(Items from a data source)
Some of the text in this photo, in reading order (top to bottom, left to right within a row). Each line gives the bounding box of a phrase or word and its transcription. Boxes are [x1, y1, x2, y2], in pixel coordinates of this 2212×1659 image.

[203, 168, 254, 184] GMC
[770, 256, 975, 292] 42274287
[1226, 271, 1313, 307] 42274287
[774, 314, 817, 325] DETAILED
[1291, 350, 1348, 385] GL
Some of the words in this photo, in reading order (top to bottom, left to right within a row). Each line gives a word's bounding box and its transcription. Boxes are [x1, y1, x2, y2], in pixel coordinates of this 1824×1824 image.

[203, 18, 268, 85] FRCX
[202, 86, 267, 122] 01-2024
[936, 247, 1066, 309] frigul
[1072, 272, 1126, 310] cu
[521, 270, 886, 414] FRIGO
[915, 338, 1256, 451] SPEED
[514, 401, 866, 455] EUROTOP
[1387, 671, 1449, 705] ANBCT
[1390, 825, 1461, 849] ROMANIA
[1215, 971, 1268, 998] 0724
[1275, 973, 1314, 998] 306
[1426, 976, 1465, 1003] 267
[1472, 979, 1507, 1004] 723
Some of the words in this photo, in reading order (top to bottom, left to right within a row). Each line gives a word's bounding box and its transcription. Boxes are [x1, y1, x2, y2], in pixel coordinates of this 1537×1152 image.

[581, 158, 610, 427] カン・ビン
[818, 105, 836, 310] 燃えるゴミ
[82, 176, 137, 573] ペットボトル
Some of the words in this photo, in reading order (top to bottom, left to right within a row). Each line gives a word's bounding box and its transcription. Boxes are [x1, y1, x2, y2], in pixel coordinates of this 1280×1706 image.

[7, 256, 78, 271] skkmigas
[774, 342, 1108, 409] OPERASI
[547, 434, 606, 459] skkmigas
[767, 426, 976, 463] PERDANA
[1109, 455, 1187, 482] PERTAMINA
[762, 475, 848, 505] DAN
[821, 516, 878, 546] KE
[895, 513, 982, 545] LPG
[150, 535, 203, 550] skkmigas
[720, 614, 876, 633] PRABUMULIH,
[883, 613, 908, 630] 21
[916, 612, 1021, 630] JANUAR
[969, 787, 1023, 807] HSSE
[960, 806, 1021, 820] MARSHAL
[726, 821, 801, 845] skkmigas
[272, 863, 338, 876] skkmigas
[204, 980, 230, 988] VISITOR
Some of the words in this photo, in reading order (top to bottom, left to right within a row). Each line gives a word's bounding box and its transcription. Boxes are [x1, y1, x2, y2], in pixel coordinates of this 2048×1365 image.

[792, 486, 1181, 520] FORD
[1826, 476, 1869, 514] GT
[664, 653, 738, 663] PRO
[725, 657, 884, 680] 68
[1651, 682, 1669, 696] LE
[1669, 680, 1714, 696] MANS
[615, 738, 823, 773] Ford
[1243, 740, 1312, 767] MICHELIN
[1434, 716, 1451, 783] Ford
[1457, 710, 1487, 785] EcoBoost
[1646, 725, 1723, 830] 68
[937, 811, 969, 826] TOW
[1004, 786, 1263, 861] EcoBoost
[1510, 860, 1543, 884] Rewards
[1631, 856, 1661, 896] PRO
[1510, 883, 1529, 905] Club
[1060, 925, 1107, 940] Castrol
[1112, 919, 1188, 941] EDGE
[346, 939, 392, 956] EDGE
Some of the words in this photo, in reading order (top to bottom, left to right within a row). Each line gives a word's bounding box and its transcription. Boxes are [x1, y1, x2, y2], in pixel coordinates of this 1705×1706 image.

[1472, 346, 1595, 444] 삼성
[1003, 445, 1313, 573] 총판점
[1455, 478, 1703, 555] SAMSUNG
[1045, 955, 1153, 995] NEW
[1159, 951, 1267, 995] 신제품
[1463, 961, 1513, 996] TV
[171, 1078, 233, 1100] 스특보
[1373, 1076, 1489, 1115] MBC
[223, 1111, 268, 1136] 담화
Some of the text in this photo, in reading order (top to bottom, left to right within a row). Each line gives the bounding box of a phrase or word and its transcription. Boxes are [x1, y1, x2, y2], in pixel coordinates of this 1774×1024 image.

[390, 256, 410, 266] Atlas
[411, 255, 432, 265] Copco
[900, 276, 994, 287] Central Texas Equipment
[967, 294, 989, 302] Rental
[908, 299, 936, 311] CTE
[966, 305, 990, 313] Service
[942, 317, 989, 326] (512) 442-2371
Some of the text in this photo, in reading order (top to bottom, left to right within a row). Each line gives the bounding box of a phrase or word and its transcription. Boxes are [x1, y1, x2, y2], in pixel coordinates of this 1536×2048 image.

_Work order:_ Your task is to give back every record exactly.

_Task solution:_
Some of the text in this photo, in reading order (top to bottom, left to right within a row). Each line gives the bounding box of a phrase or word and its transcription. Boxes are [x1, y1, x2, y2], in pixel coordinates of this 2212×1659 image.

[203, 168, 254, 184] GMC
[770, 256, 975, 292] 42274287
[1226, 271, 1313, 307] 42274287
[774, 314, 817, 325] DETAILED
[1291, 350, 1348, 385] GL
Some of the words in this photo, in reading order (top to bottom, left to right within a row). Each line gives a word's bounding box and its transcription. Boxes are [x1, y1, x2, y2], in pixel coordinates of this 1824×1824 image.

[203, 18, 268, 85] FRCX
[202, 86, 267, 122] 01-2024
[936, 247, 1066, 309] frigul
[1072, 272, 1126, 310] cu
[521, 270, 886, 414] FRIGO
[915, 338, 1256, 451] SPEED
[514, 401, 866, 455] EUROTOP
[1387, 671, 1449, 705] ANBCT
[1390, 825, 1461, 849] ROMANIA
[1215, 971, 1268, 998] 0724
[1275, 973, 1314, 998] 306
[1426, 976, 1465, 1003] 267
[1472, 979, 1507, 1004] 723
Some of the words in this photo, in reading order (top to bottom, left to right within a row). Each line gives a word's bounding box and its transcription. Boxes are [x1, y1, x2, y2], in pixel coordinates of this 1537×1152 image.

[581, 158, 610, 427] カン・ビン
[818, 105, 836, 310] 燃えるゴミ
[82, 176, 137, 573] ペットボトル
Some of the words in this photo, in reading order (top to bottom, left to right within a row). Each line gives a word's bounding box and its transcription. Boxes are [x1, y1, x2, y2], in pixel coordinates of this 1280×1706 image.

[7, 256, 78, 271] skkmigas
[774, 342, 1108, 409] OPERASI
[547, 434, 606, 459] skkmigas
[767, 426, 976, 463] PERDANA
[1109, 455, 1187, 482] PERTAMINA
[762, 475, 848, 505] DAN
[821, 516, 878, 546] KE
[895, 513, 982, 545] LPG
[150, 535, 203, 550] skkmigas
[720, 614, 876, 633] PRABUMULIH,
[883, 613, 908, 630] 21
[916, 612, 1021, 630] JANUAR
[969, 787, 1023, 807] HSSE
[960, 806, 1021, 820] MARSHAL
[726, 821, 801, 845] skkmigas
[272, 863, 338, 876] skkmigas
[204, 980, 230, 988] VISITOR
Some of the words in this photo, in reading order (top to bottom, left to right within a row). Each line gives a word's bounding box and its transcription. Boxes are [x1, y1, x2, y2], in pixel coordinates of this 2048×1365 image.

[792, 486, 1181, 520] FORD
[1826, 476, 1869, 514] GT
[664, 653, 738, 663] PRO
[725, 657, 884, 680] 68
[1651, 682, 1669, 696] LE
[1669, 680, 1714, 696] MANS
[615, 738, 823, 773] Ford
[1243, 740, 1312, 767] MICHELIN
[1434, 716, 1451, 783] Ford
[1457, 710, 1487, 785] EcoBoost
[1646, 725, 1723, 830] 68
[937, 811, 969, 826] TOW
[1004, 786, 1263, 861] EcoBoost
[1510, 860, 1543, 884] Rewards
[1631, 856, 1661, 896] PRO
[1510, 883, 1529, 905] Club
[1060, 925, 1107, 940] Castrol
[1112, 919, 1188, 941] EDGE
[346, 939, 392, 956] EDGE
Some of the words in this photo, in reading order (top to bottom, left to right within a row). Each line gives a word's bounding box and its transcription. Boxes are [x1, y1, x2, y2], in pixel coordinates of this 1705×1706 image.

[1472, 346, 1595, 444] 삼성
[1003, 445, 1313, 573] 총판점
[1455, 478, 1703, 555] SAMSUNG
[1045, 955, 1153, 995] NEW
[1159, 951, 1267, 995] 신제품
[1463, 961, 1513, 996] TV
[171, 1078, 233, 1100] 스특보
[1373, 1076, 1489, 1115] MBC
[223, 1111, 268, 1136] 담화
Some of the text in this photo, in reading order (top to bottom, left to right within a row). Each line gives the bounding box of a phrase or word and its transcription. Boxes are [x1, y1, x2, y2], in pixel coordinates of this 1774×1024 image.

[390, 256, 410, 266] Atlas
[411, 255, 432, 265] Copco
[900, 276, 994, 287] Central Texas Equipment
[967, 294, 989, 302] Rental
[908, 299, 936, 311] CTE
[966, 305, 990, 313] Service
[942, 317, 989, 326] (512) 442-2371
Some of the text in this photo, in reading order (top to bottom, left to right within a row). Each line gives the bounding box of a phrase or word and its transcription. Boxes are [x1, y1, x2, y2], in pixel coordinates of this 1536×2048 image.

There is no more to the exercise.